= Exercise data =
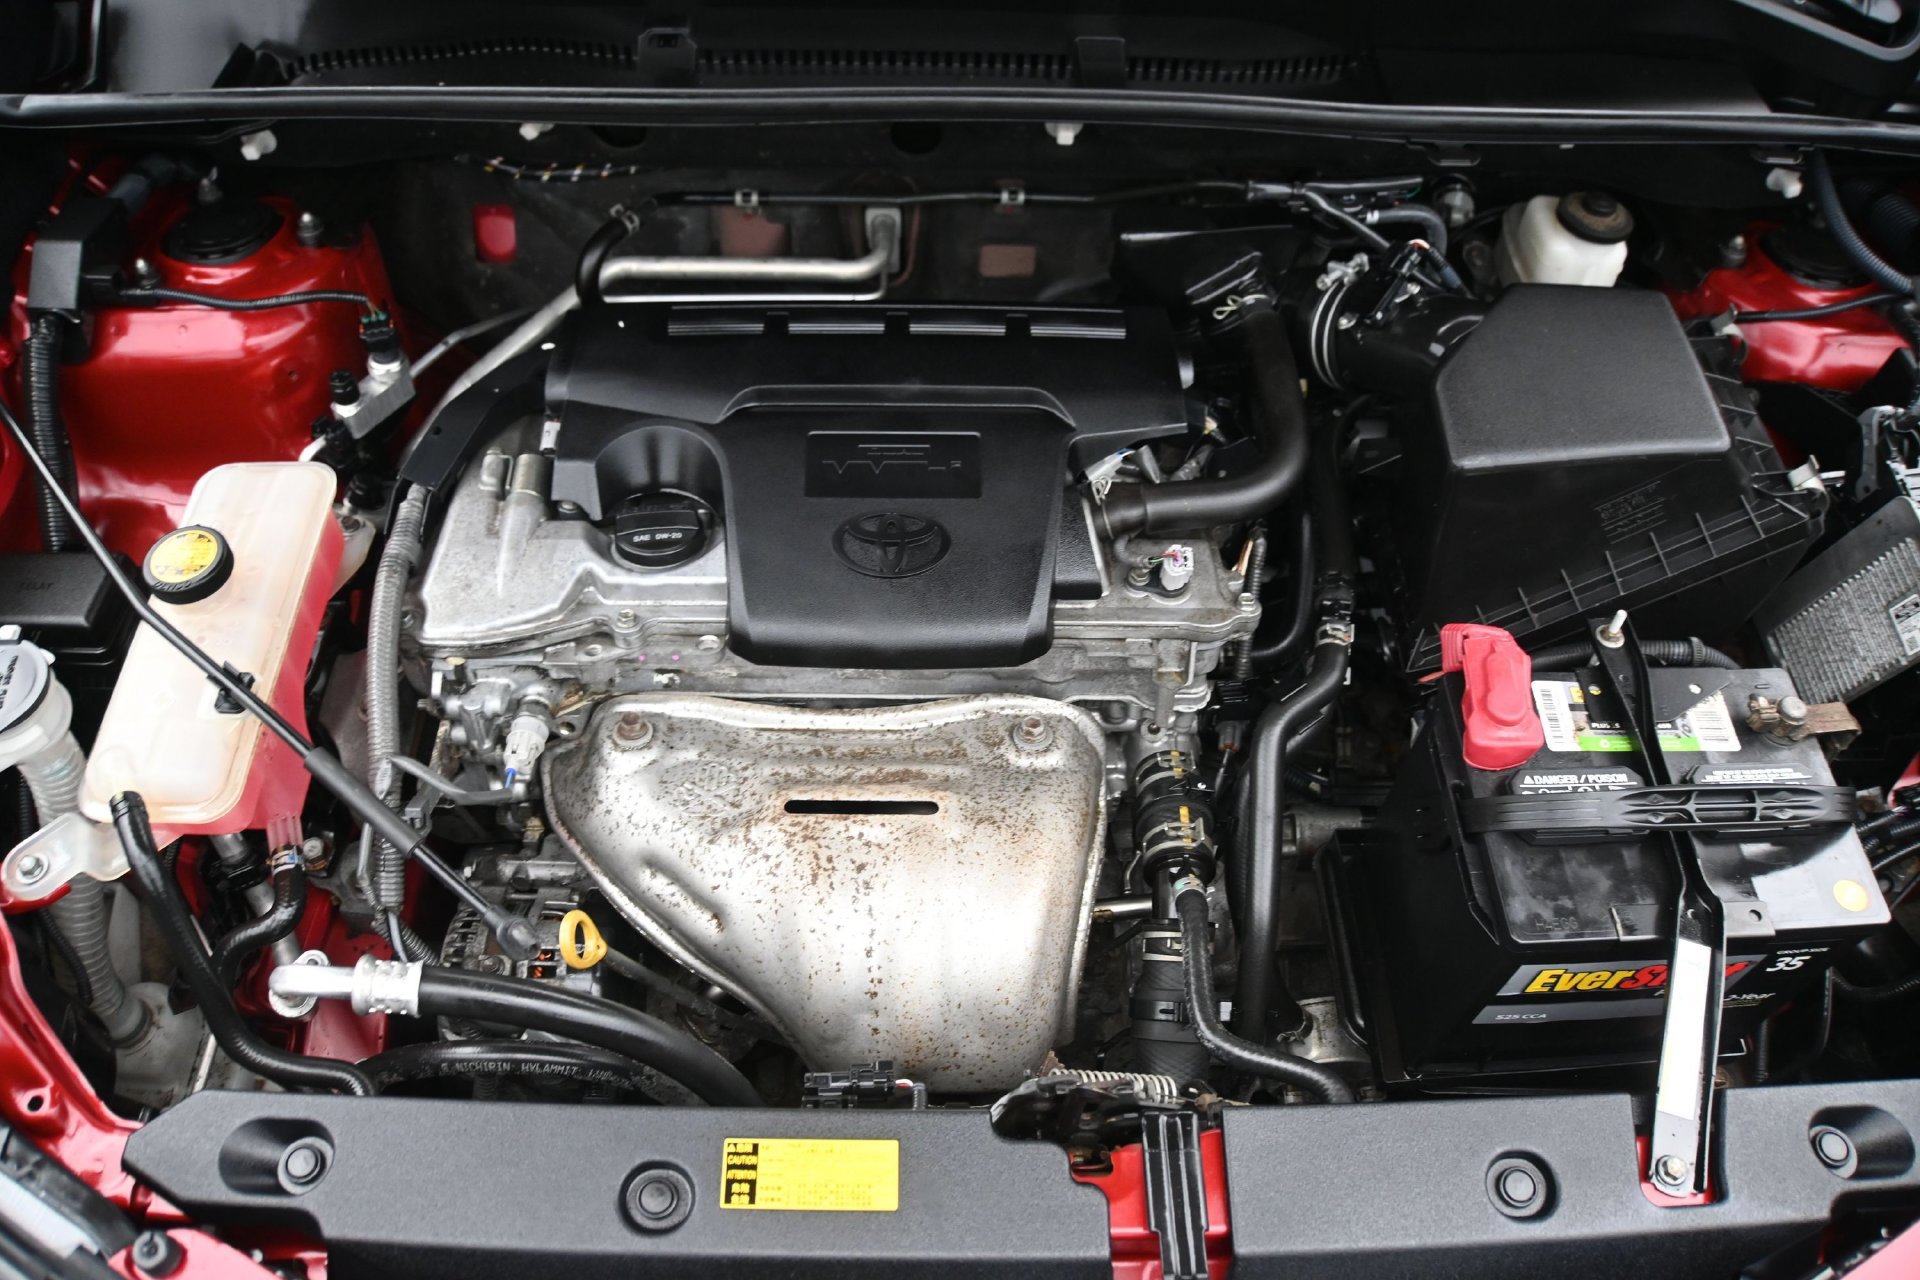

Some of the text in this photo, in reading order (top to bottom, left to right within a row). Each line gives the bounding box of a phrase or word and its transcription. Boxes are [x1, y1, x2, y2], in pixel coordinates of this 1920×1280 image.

[632, 534, 651, 543] SAE
[1534, 774, 1579, 785] DANGER
[1587, 773, 1629, 784] POISON
[1765, 955, 1812, 972] 35
[1521, 1012, 1547, 1020] CCA
[726, 1154, 759, 1166] CAUTION
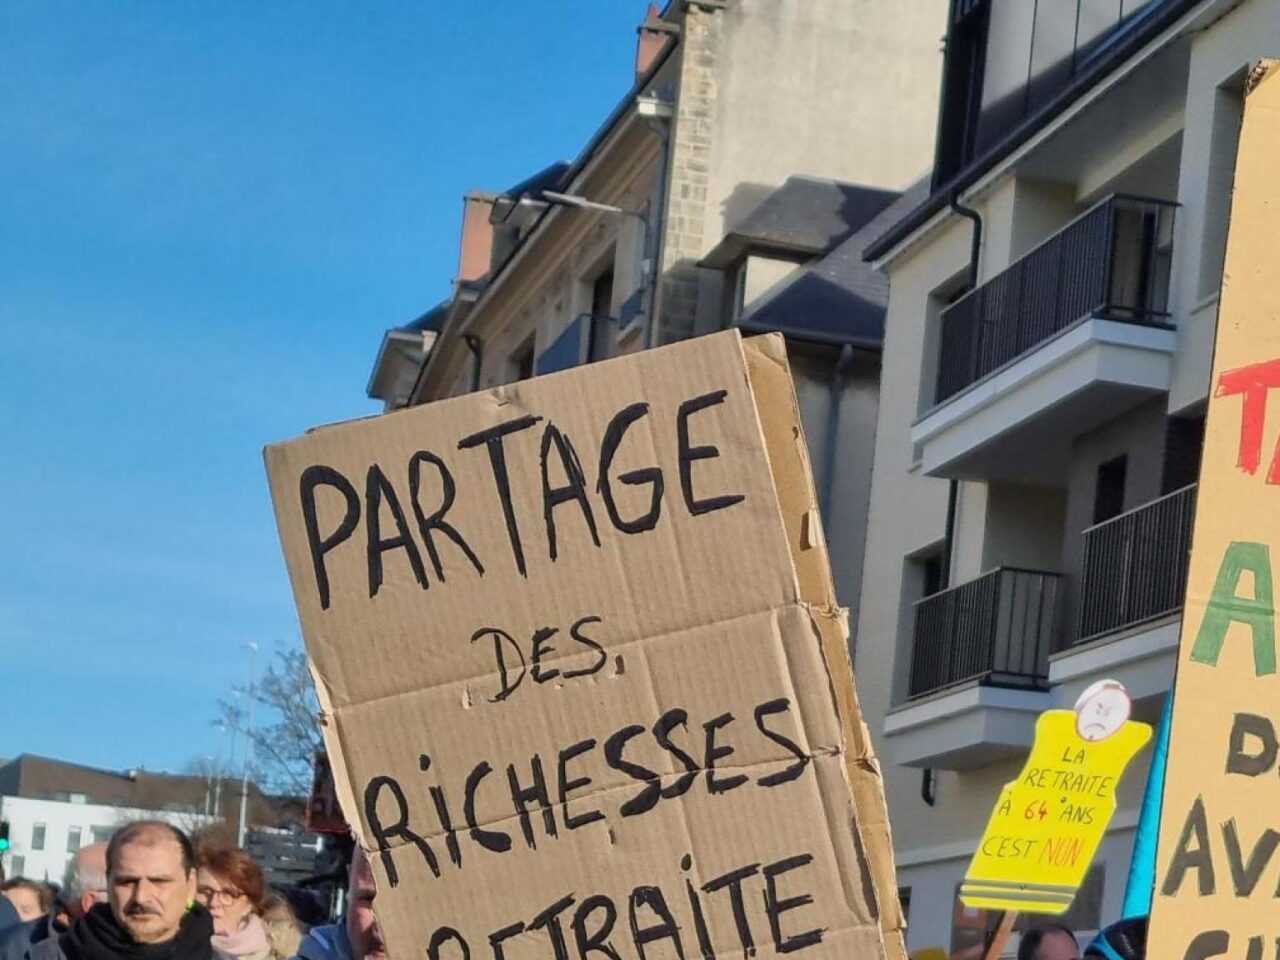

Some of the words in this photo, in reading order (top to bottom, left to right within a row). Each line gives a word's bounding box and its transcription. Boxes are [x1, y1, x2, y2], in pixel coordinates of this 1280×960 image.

[299, 389, 745, 610] PARTAGE
[470, 615, 608, 702] DES
[1062, 747, 1085, 764] LA
[1025, 769, 1112, 797] RETRAITE
[1025, 800, 1047, 820] 64
[1061, 804, 1094, 824] ANS
[982, 835, 1037, 858] C'EST
[1041, 838, 1084, 867] NON
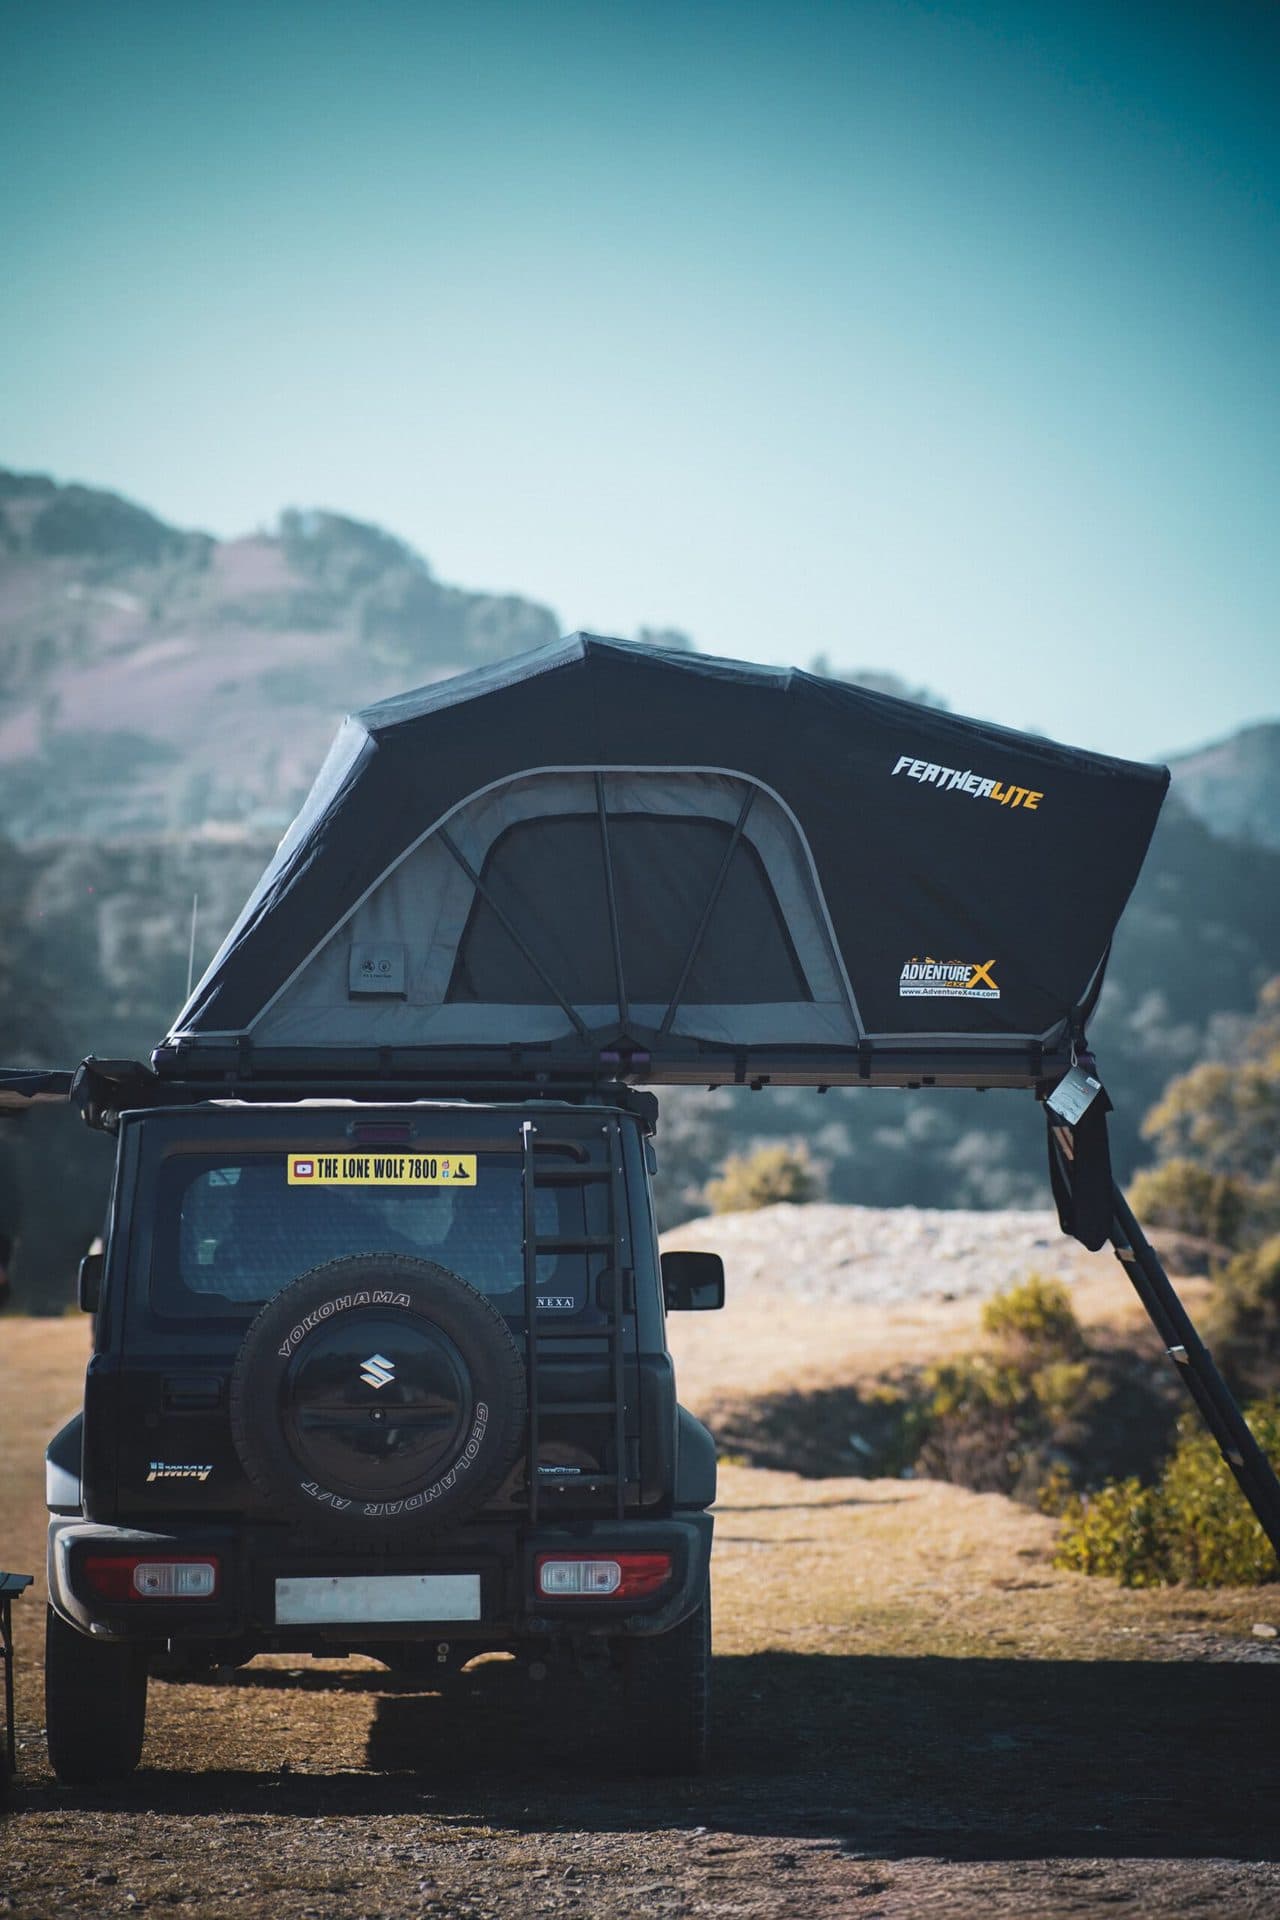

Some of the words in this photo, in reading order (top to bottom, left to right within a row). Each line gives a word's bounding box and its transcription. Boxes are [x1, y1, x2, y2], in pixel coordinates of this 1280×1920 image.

[891, 756, 1044, 810] FEATHERLITE
[901, 988, 998, 997] www.AdventureX4x4.com
[317, 1158, 338, 1179] THE
[343, 1158, 370, 1179] LONE
[374, 1158, 405, 1179] WOLF
[408, 1158, 438, 1179] 7800
[537, 1298, 571, 1306] NEXA
[278, 1291, 411, 1358] YOKOHAMA
[363, 1402, 489, 1516] GEOLANDAR
[301, 1480, 352, 1511] A/T

= How to complete this task =
Only the lines from the one holding "this 1280×1920 image." to the end of the listing are to be written out, word for word.

= Output for this task =
Some of the words in this photo, in reading order (top to bottom, left to right within a row). Each line gives a word's bounding box and its transcription. Boxes are [x1, y1, x2, y2], in pixel coordinates of this 1280×1920 image.

[891, 756, 1044, 810] FEATHERLITE
[901, 988, 998, 997] www.AdventureX4x4.com
[317, 1158, 338, 1179] THE
[343, 1158, 370, 1179] LONE
[374, 1158, 405, 1179] WOLF
[408, 1158, 438, 1179] 7800
[537, 1298, 571, 1306] NEXA
[278, 1291, 411, 1358] YOKOHAMA
[363, 1402, 489, 1516] GEOLANDAR
[301, 1480, 352, 1511] A/T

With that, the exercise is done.